_Work item_
Set every entry down again precisely.

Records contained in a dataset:
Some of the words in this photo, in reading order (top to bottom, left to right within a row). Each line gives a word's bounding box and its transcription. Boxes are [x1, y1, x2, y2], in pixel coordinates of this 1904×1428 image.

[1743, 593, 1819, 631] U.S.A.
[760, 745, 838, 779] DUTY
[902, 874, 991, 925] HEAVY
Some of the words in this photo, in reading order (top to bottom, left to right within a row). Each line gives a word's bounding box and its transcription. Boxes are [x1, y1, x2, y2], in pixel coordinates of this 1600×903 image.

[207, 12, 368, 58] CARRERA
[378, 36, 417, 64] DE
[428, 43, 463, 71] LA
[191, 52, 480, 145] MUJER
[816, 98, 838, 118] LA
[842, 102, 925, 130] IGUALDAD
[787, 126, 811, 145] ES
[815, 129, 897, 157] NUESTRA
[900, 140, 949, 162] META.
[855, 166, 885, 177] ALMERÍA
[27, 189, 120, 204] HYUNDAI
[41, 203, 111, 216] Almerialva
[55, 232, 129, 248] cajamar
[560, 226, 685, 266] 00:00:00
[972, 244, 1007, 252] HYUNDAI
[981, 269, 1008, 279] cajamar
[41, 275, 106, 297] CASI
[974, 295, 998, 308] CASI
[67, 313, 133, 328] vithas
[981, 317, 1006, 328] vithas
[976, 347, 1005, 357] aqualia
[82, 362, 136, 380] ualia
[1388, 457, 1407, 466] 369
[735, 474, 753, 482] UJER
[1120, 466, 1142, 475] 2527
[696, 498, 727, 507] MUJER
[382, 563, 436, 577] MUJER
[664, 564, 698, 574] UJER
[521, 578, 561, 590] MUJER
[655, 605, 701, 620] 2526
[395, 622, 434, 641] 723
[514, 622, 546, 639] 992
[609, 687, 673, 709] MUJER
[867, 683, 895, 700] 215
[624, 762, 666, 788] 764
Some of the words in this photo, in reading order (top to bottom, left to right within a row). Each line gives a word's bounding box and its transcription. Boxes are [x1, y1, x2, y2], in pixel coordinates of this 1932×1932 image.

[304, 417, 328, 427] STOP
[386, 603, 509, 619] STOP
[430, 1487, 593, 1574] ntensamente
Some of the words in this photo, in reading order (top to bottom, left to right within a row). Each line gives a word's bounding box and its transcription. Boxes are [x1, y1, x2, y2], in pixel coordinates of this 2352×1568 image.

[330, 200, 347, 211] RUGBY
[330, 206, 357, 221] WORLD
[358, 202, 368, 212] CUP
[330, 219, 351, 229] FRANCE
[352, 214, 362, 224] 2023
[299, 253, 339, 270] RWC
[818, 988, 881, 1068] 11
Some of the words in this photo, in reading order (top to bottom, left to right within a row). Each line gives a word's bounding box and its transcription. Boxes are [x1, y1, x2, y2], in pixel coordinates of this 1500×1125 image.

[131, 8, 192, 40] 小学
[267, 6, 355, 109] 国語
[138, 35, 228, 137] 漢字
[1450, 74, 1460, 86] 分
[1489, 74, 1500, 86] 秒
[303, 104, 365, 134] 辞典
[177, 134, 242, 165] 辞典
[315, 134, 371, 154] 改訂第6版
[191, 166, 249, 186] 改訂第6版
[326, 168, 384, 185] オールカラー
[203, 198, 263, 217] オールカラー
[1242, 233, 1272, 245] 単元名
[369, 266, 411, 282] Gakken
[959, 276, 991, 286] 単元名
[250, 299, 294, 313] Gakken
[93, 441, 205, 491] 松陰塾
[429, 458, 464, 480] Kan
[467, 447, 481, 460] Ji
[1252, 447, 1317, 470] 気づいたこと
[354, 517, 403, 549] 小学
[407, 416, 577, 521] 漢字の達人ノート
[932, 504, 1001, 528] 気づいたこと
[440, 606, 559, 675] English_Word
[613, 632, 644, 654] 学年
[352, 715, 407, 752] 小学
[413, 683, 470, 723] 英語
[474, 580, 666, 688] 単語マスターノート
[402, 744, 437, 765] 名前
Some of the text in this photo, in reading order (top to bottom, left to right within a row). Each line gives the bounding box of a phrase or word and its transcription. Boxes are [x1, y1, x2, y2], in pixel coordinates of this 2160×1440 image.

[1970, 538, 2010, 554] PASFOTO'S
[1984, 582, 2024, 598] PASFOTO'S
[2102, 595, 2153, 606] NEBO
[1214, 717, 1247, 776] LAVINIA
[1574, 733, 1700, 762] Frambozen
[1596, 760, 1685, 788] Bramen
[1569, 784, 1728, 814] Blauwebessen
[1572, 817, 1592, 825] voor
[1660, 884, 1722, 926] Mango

_Task answer_
Some of the words in this photo, in reading order (top to bottom, left to right within a row). Each line gives a word's bounding box and its transcription. Boxes are [x1, y1, x2, y2], in pixel coordinates of this 1904×1428 image.

[1743, 593, 1819, 631] U.S.A.
[760, 745, 838, 779] DUTY
[902, 874, 991, 925] HEAVY
Some of the words in this photo, in reading order (top to bottom, left to right within a row). Each line gives a word's bounding box and its transcription. Boxes are [x1, y1, x2, y2], in pixel coordinates of this 1600×903 image.

[207, 12, 368, 58] CARRERA
[378, 36, 417, 64] DE
[428, 43, 463, 71] LA
[191, 52, 480, 145] MUJER
[816, 98, 838, 118] LA
[842, 102, 925, 130] IGUALDAD
[787, 126, 811, 145] ES
[815, 129, 897, 157] NUESTRA
[900, 140, 949, 162] META.
[855, 166, 885, 177] ALMERÍA
[27, 189, 120, 204] HYUNDAI
[41, 203, 111, 216] Almerialva
[55, 232, 129, 248] cajamar
[560, 226, 685, 266] 00:00:00
[972, 244, 1007, 252] HYUNDAI
[981, 269, 1008, 279] cajamar
[41, 275, 106, 297] CASI
[974, 295, 998, 308] CASI
[67, 313, 133, 328] vithas
[981, 317, 1006, 328] vithas
[976, 347, 1005, 357] aqualia
[82, 362, 136, 380] ualia
[1388, 457, 1407, 466] 369
[735, 474, 753, 482] UJER
[1120, 466, 1142, 475] 2527
[696, 498, 727, 507] MUJER
[382, 563, 436, 577] MUJER
[664, 564, 698, 574] UJER
[521, 578, 561, 590] MUJER
[655, 605, 701, 620] 2526
[395, 622, 434, 641] 723
[514, 622, 546, 639] 992
[609, 687, 673, 709] MUJER
[867, 683, 895, 700] 215
[624, 762, 666, 788] 764
Some of the words in this photo, in reading order (top to bottom, left to right within a row). Each line gives a word's bounding box and its transcription. Boxes are [x1, y1, x2, y2], in pixel coordinates of this 1932×1932 image.

[304, 417, 328, 427] STOP
[386, 603, 509, 619] STOP
[430, 1487, 593, 1574] ntensamente
Some of the words in this photo, in reading order (top to bottom, left to right within a row). Each line gives a word's bounding box and its transcription. Boxes are [x1, y1, x2, y2], in pixel coordinates of this 2352×1568 image.

[330, 200, 347, 211] RUGBY
[330, 206, 357, 221] WORLD
[358, 202, 368, 212] CUP
[330, 219, 351, 229] FRANCE
[352, 214, 362, 224] 2023
[299, 253, 339, 270] RWC
[818, 988, 881, 1068] 11
Some of the words in this photo, in reading order (top to bottom, left to right within a row). Each line gives a word's bounding box and its transcription. Boxes are [x1, y1, x2, y2], in pixel coordinates of this 1500×1125 image.

[131, 8, 192, 40] 小学
[267, 6, 355, 109] 国語
[138, 35, 228, 137] 漢字
[1450, 74, 1460, 86] 分
[1489, 74, 1500, 86] 秒
[303, 104, 365, 134] 辞典
[177, 134, 242, 165] 辞典
[315, 134, 371, 154] 改訂第6版
[191, 166, 249, 186] 改訂第6版
[326, 168, 384, 185] オールカラー
[203, 198, 263, 217] オールカラー
[1242, 233, 1272, 245] 単元名
[369, 266, 411, 282] Gakken
[959, 276, 991, 286] 単元名
[250, 299, 294, 313] Gakken
[93, 441, 205, 491] 松陰塾
[429, 458, 464, 480] Kan
[467, 447, 481, 460] Ji
[1252, 447, 1317, 470] 気づいたこと
[354, 517, 403, 549] 小学
[407, 416, 577, 521] 漢字の達人ノート
[932, 504, 1001, 528] 気づいたこと
[440, 606, 559, 675] English_Word
[613, 632, 644, 654] 学年
[352, 715, 407, 752] 小学
[413, 683, 470, 723] 英語
[474, 580, 666, 688] 単語マスターノート
[402, 744, 437, 765] 名前
Some of the text in this photo, in reading order (top to bottom, left to right within a row). Each line gives the bounding box of a phrase or word and its transcription. Boxes are [x1, y1, x2, y2], in pixel coordinates of this 2160×1440 image.

[1970, 538, 2010, 554] PASFOTO'S
[1984, 582, 2024, 598] PASFOTO'S
[2102, 595, 2153, 606] NEBO
[1214, 717, 1247, 776] LAVINIA
[1574, 733, 1700, 762] Frambozen
[1596, 760, 1685, 788] Bramen
[1569, 784, 1728, 814] Blauwebessen
[1572, 817, 1592, 825] voor
[1660, 884, 1722, 926] Mango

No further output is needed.